* _Task material_:
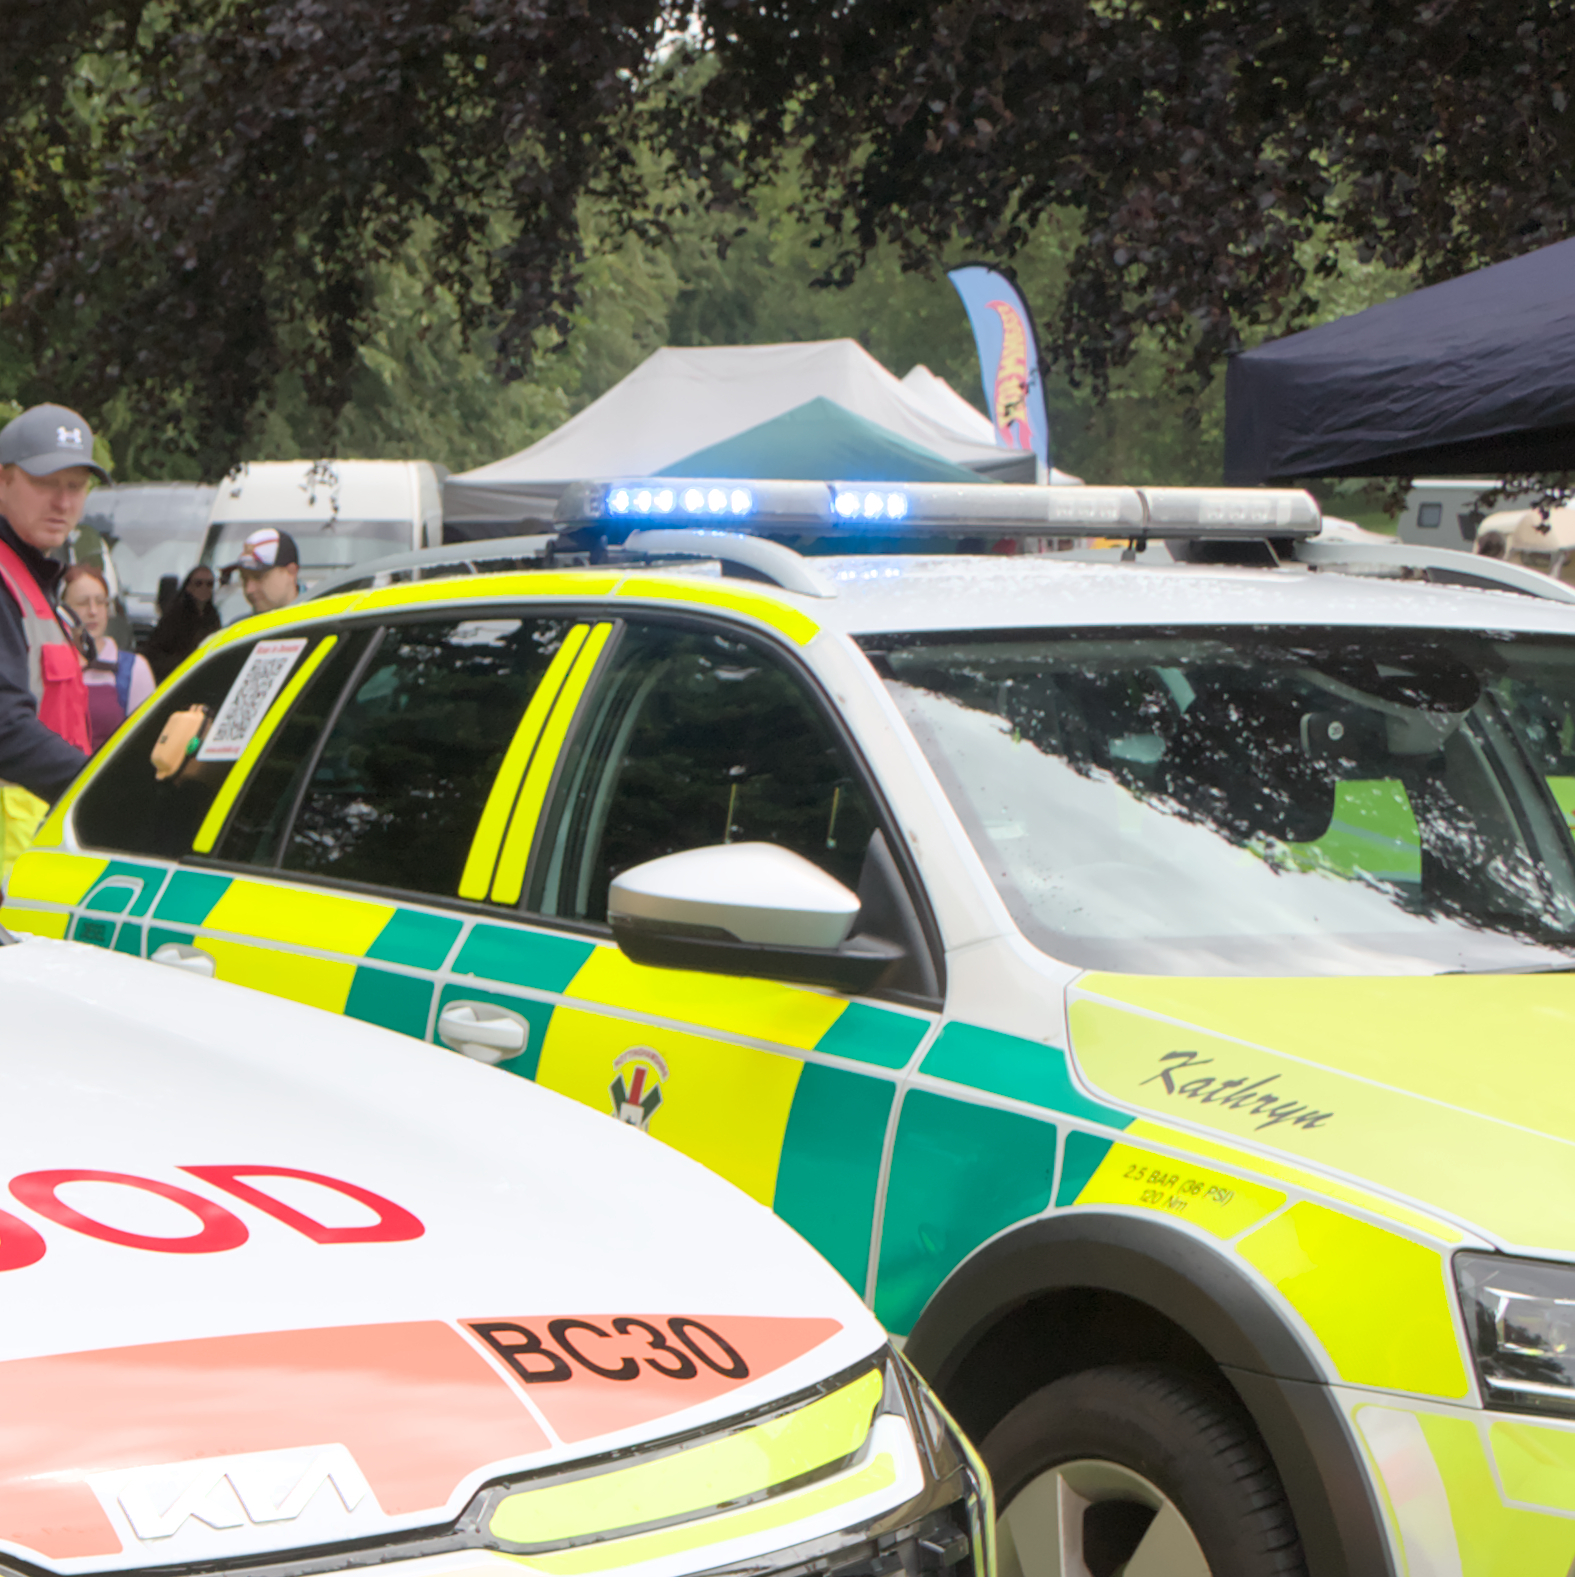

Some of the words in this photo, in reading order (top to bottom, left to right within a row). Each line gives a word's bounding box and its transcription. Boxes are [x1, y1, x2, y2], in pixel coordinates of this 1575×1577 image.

[1139, 1051, 1334, 1132] Kathryn
[1147, 1169, 1179, 1189] BAR
[466, 1317, 751, 1385] BC30
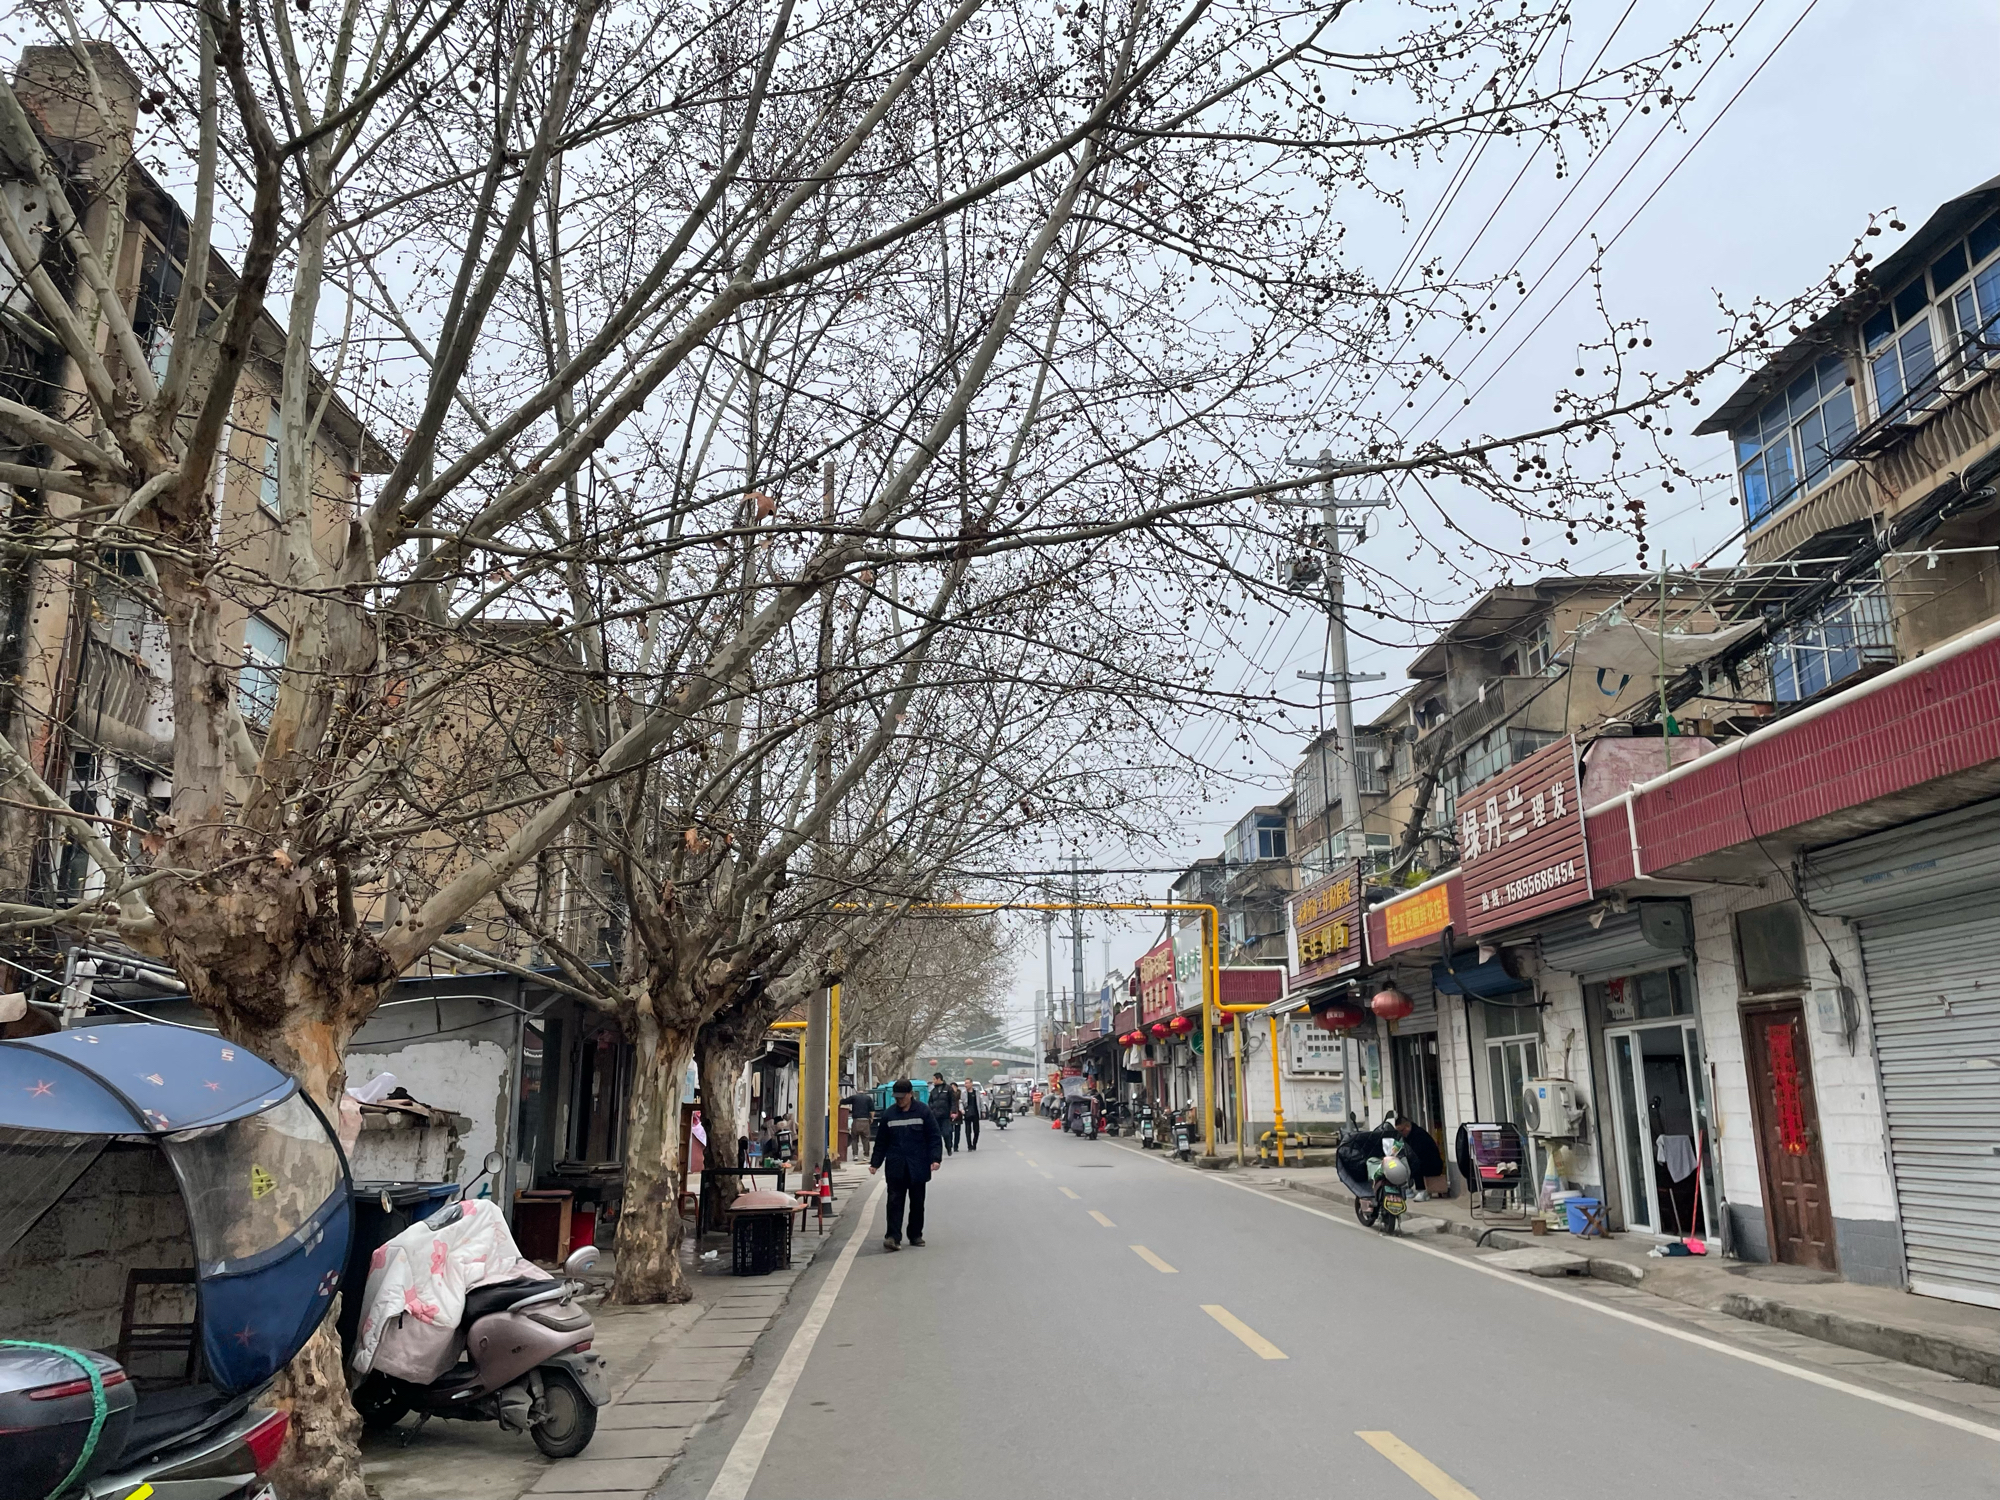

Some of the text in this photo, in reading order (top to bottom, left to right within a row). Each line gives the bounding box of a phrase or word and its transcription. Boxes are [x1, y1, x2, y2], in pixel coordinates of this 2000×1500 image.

[1463, 781, 1568, 860] 绿丹兰理发
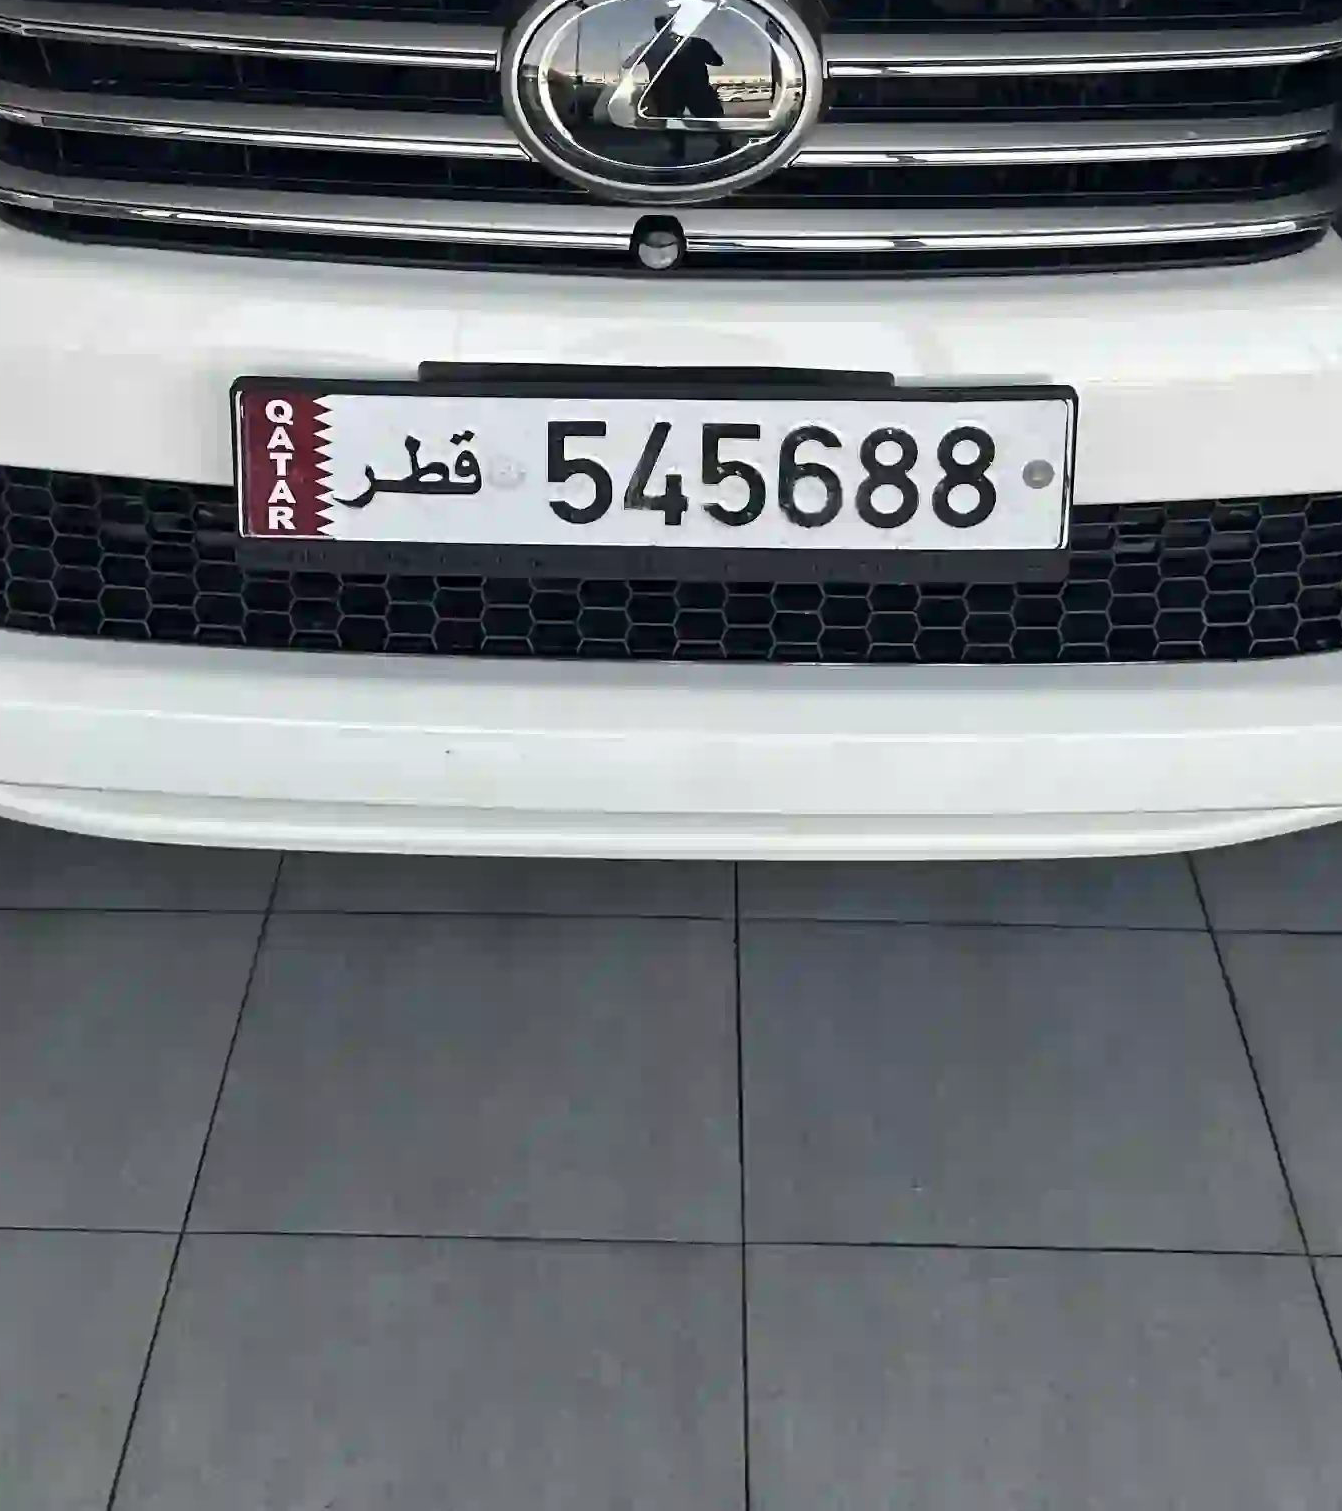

* _Task brief_: Once you find the line with "Some of the text", restate it and every later line of the data word for word, excluding the pictures.

* _Expected answer_:
Some of the text in this photo, in reading order (top to bottom, left to right within a row). Each line gives the bounding box of a phrase or word and its transcription. Boxes are [x1, y1, x2, y2], in pixel coordinates of this 2000×1500 image.

[1463, 781, 1568, 860] 绿丹兰理发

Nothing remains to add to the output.